Rainbow’s End

Last week I drove into a rainbow, and it has changed my life. Winding along the fertile hills of the central California coast, I was a mess. Headed home after another intense and transformative session at Pacifica Graduate Institute (psychotherapy), the first fingers of dread were fastening in: the pandemic was here. Struggling to breathe as the panic swelled, I turned around a corner on the highway. Suddenly, electric, there shone a perfect rainbow. Bowing down from a darkened mass of storm, it landed squarely in the middle of the interstate. Hurtling towards it, 77 mph, framed by the cars around me, I remembered to wonder briefly: What lies at the end of a rainbow?

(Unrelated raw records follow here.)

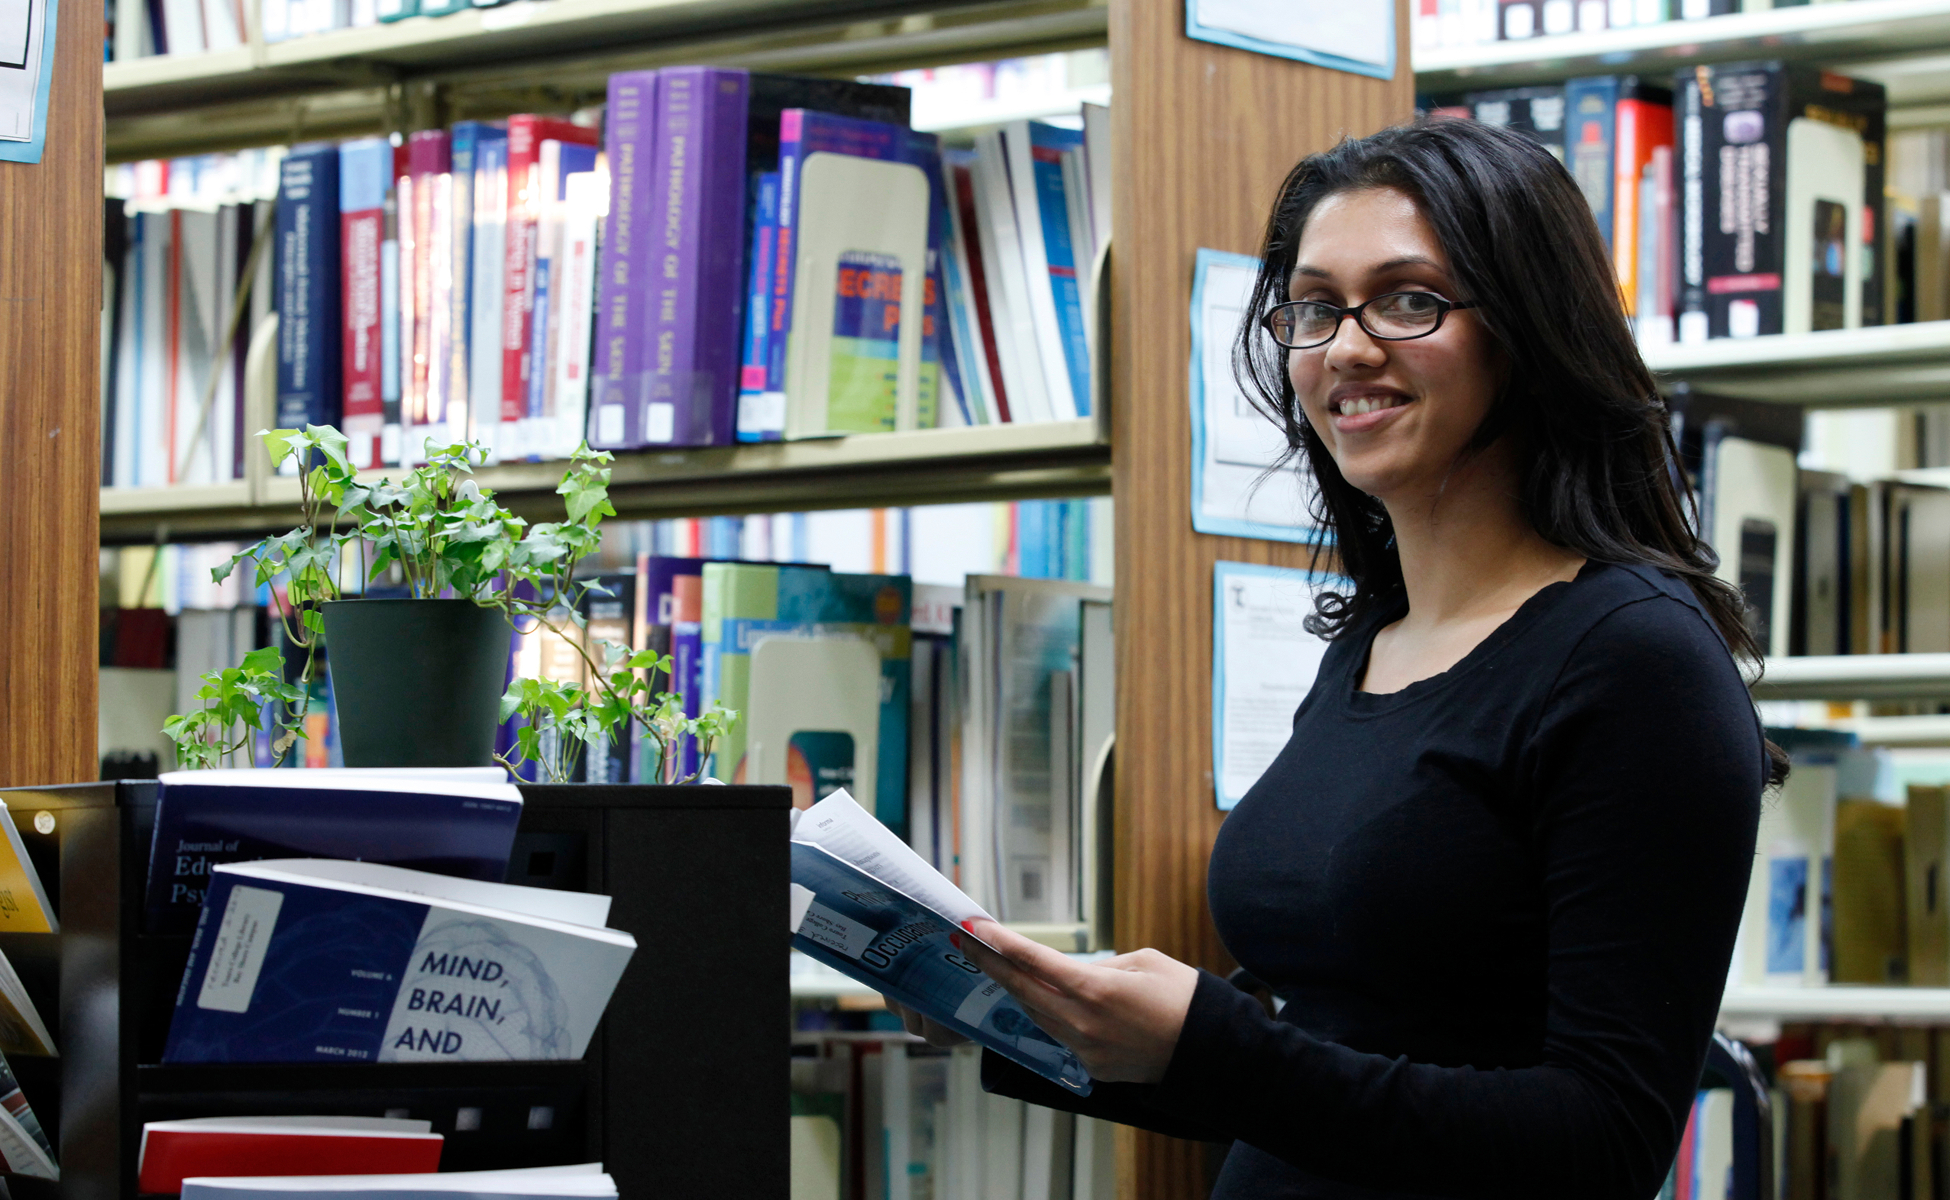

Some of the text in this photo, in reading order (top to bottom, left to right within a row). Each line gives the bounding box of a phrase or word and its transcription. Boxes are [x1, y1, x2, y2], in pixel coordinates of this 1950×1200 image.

[614, 143, 635, 256] PATHOLOGY
[665, 136, 686, 249] PATHOLOGY
[612, 263, 630, 285] OF
[662, 254, 680, 279] OF
[659, 288, 677, 322] THE
[176, 839, 240, 853] Journal of
[171, 883, 206, 907] Psy
[806, 917, 848, 941] Touro College
[816, 914, 835, 926] Shore
[834, 922, 847, 932] Bay
[351, 969, 384, 981] VOLUME
[420, 950, 509, 989] MIND,
[337, 1007, 372, 1019] NUMBER
[407, 987, 505, 1026] BRAIN,
[314, 1045, 368, 1060] MARCH 2012
[393, 1026, 463, 1055] AND

Pelting rain buffeted my little white Prius. Blinded by the storm, wipers frantic to keep up, I kept my gaze focused on the radiance ahead. With every wheel-turn closer, the tempest more loudly raged. Until, and just for the briefest of moments, I drove into the rainbow.

Amidst the shattering chaos of the storm, breath paused with wonder, I was held at the base of its light. Between the iron cast sky and asphalt black with rain, a miniature rainbow formed in the center of my windshield. My car filled with a subtle sunset hue.

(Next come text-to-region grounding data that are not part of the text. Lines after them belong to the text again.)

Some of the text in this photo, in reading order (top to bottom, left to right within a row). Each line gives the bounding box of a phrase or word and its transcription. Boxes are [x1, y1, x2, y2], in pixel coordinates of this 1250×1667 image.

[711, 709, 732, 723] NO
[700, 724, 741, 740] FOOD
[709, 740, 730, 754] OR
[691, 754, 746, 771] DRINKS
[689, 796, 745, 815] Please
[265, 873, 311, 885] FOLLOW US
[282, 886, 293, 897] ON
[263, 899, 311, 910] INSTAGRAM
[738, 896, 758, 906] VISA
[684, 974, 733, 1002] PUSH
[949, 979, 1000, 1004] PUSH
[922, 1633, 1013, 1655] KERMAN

And as quickly as it came, I was on the other side. Somewhat stunned, all the cars surrounding me slowed to a crawl, all shaking our heads with awe. Glancing back in the rearview, I felt deeply connected with these other drivers, and a wave of peace arrived. I began to weep, filled with an unspeakable comfort. Is this how Noah’s wife felt, when she beheld a new, still broken world? The trees and grasses deepened by the rain. Nature endlessly striding forward, a mother knowing best.

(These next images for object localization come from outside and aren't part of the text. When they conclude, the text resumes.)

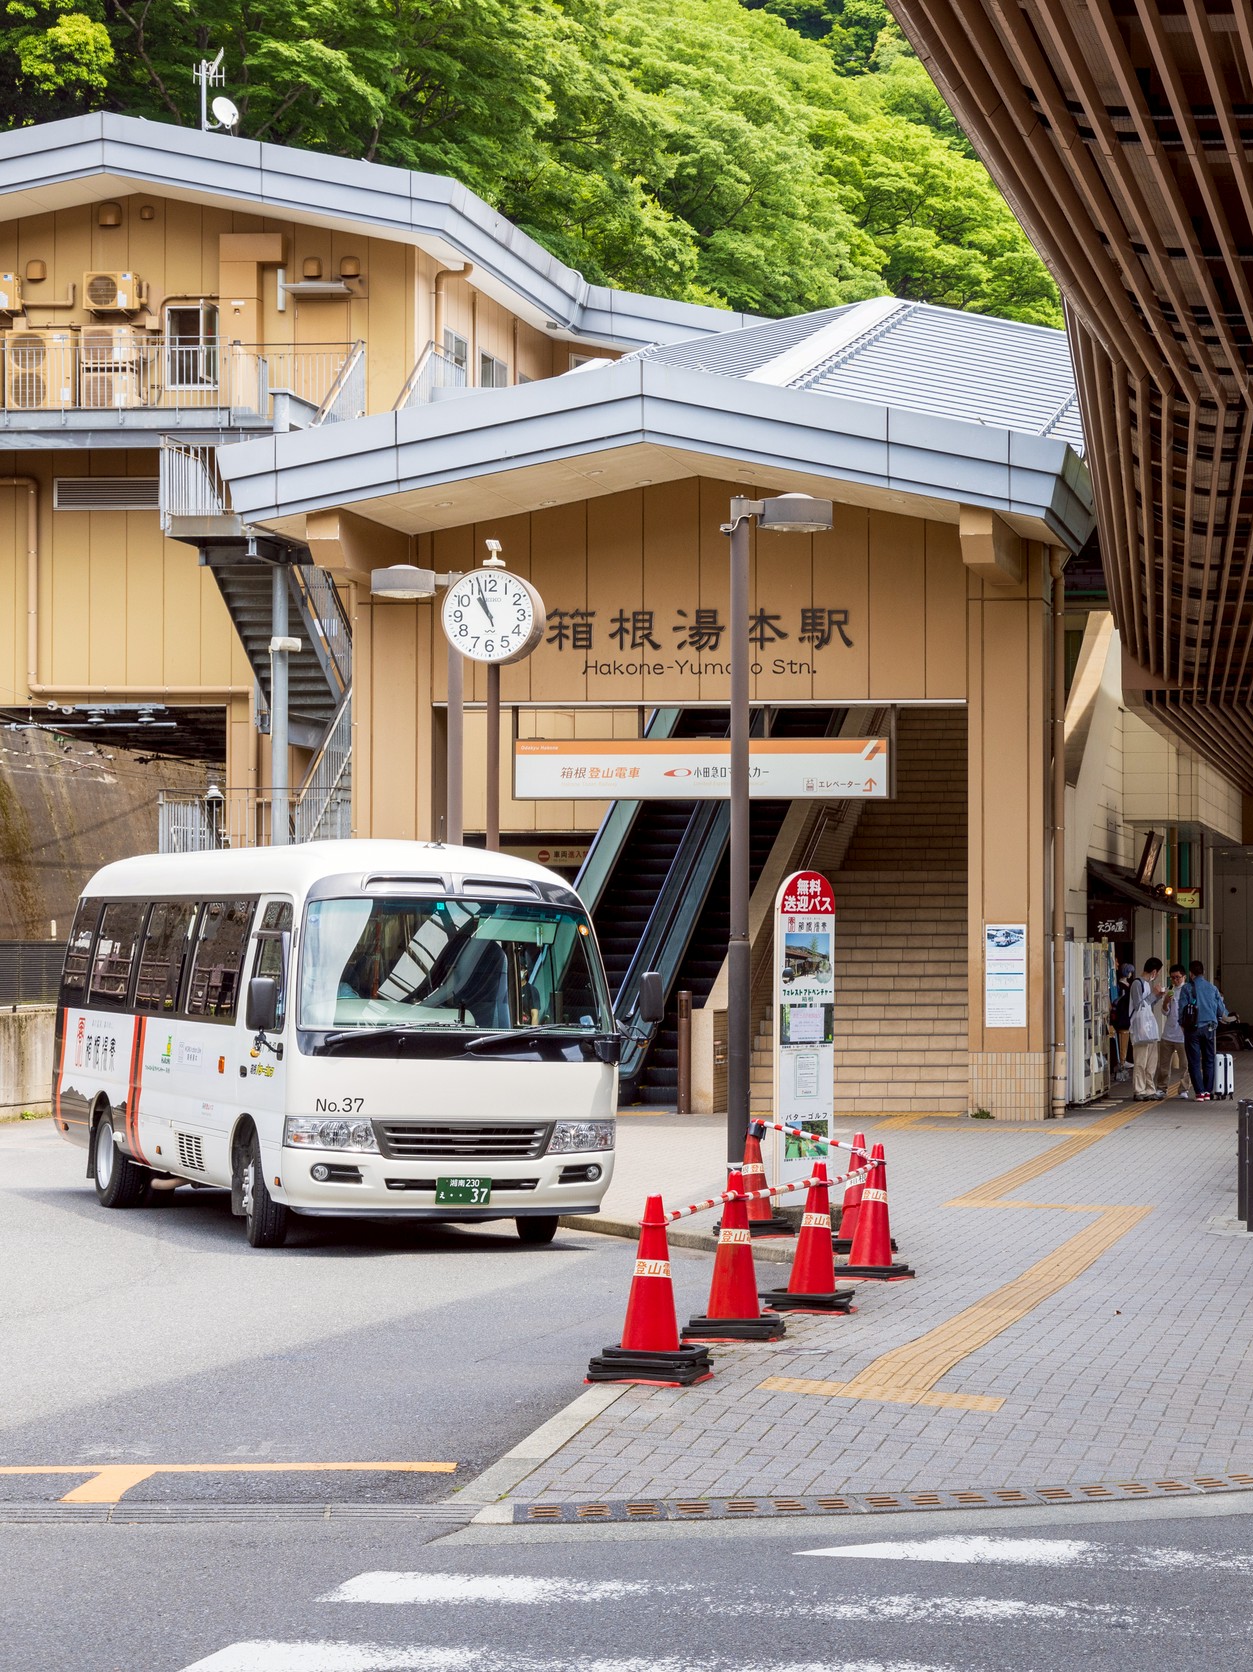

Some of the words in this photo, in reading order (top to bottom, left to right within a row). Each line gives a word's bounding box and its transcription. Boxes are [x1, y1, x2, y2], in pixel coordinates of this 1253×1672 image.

[485, 579, 498, 593] 12
[457, 594, 471, 608] 10
[513, 593, 522, 606] 2
[453, 610, 463, 623] 9
[516, 608, 526, 622] 3
[458, 624, 469, 638] 8
[511, 624, 522, 637] 4
[545, 607, 854, 652] 箱根湯本駅
[470, 636, 480, 649] 7
[484, 639, 494, 653] 6
[500, 636, 510, 649] 5
[771, 658, 817, 675] Stn.
[560, 766, 641, 779] 箱根登山電車
[818, 780, 861, 788] エレベーター
[796, 878, 822, 896] 無料
[783, 895, 833, 912] 送迎バス
[315, 1097, 365, 1113] No.37
[470, 1188, 488, 1203] 37
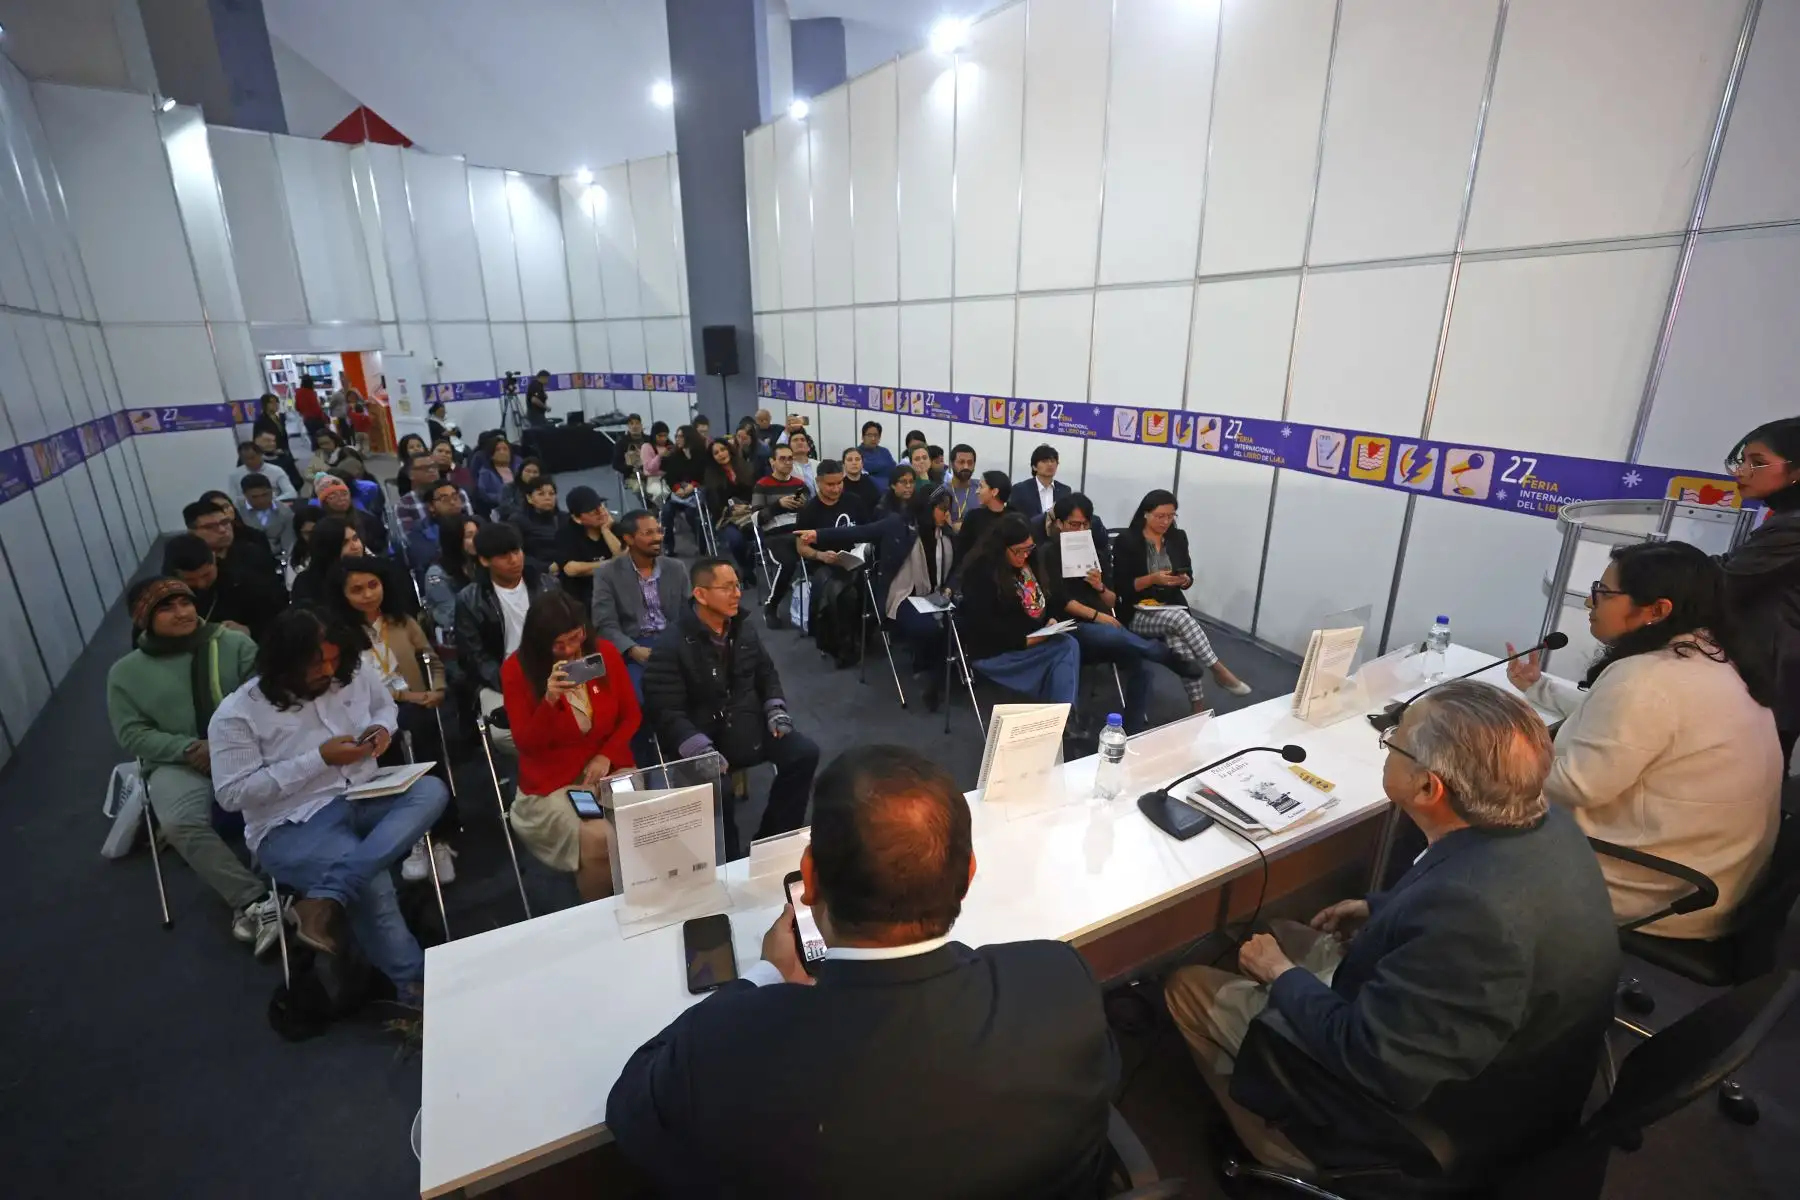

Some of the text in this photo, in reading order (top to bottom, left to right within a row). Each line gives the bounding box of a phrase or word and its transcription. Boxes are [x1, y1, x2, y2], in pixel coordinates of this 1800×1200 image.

[926, 393, 935, 406] 27
[163, 408, 178, 421] 27
[1051, 403, 1063, 419] 27
[1224, 419, 1243, 439] 27
[1234, 443, 1275, 455] INTERNACIONAL
[1261, 454, 1269, 462] DE
[1500, 455, 1538, 484] 27
[1521, 474, 1559, 493] FERIA
[1517, 500, 1559, 513] DEL LIB

Today, amidst the torrential downpour of fear and chaos, in the shattering of our known lives, I remember that rainbow. I remember Nature’s beauty. I remember the ancient ways in which the land spoke and humans listened, humble. As my cells were taught in a span of moments, even cradling unspeakable loss and terror, we are surrounded by grace. Especially when we least can see it, we are cradled in its light.

So my dear friends, in these coming days may you know strength and resiliency. In the coming weeks may you find compromise and comfort. And in the coming months, and even years to follow, may peace shine onto your path when you least expect it.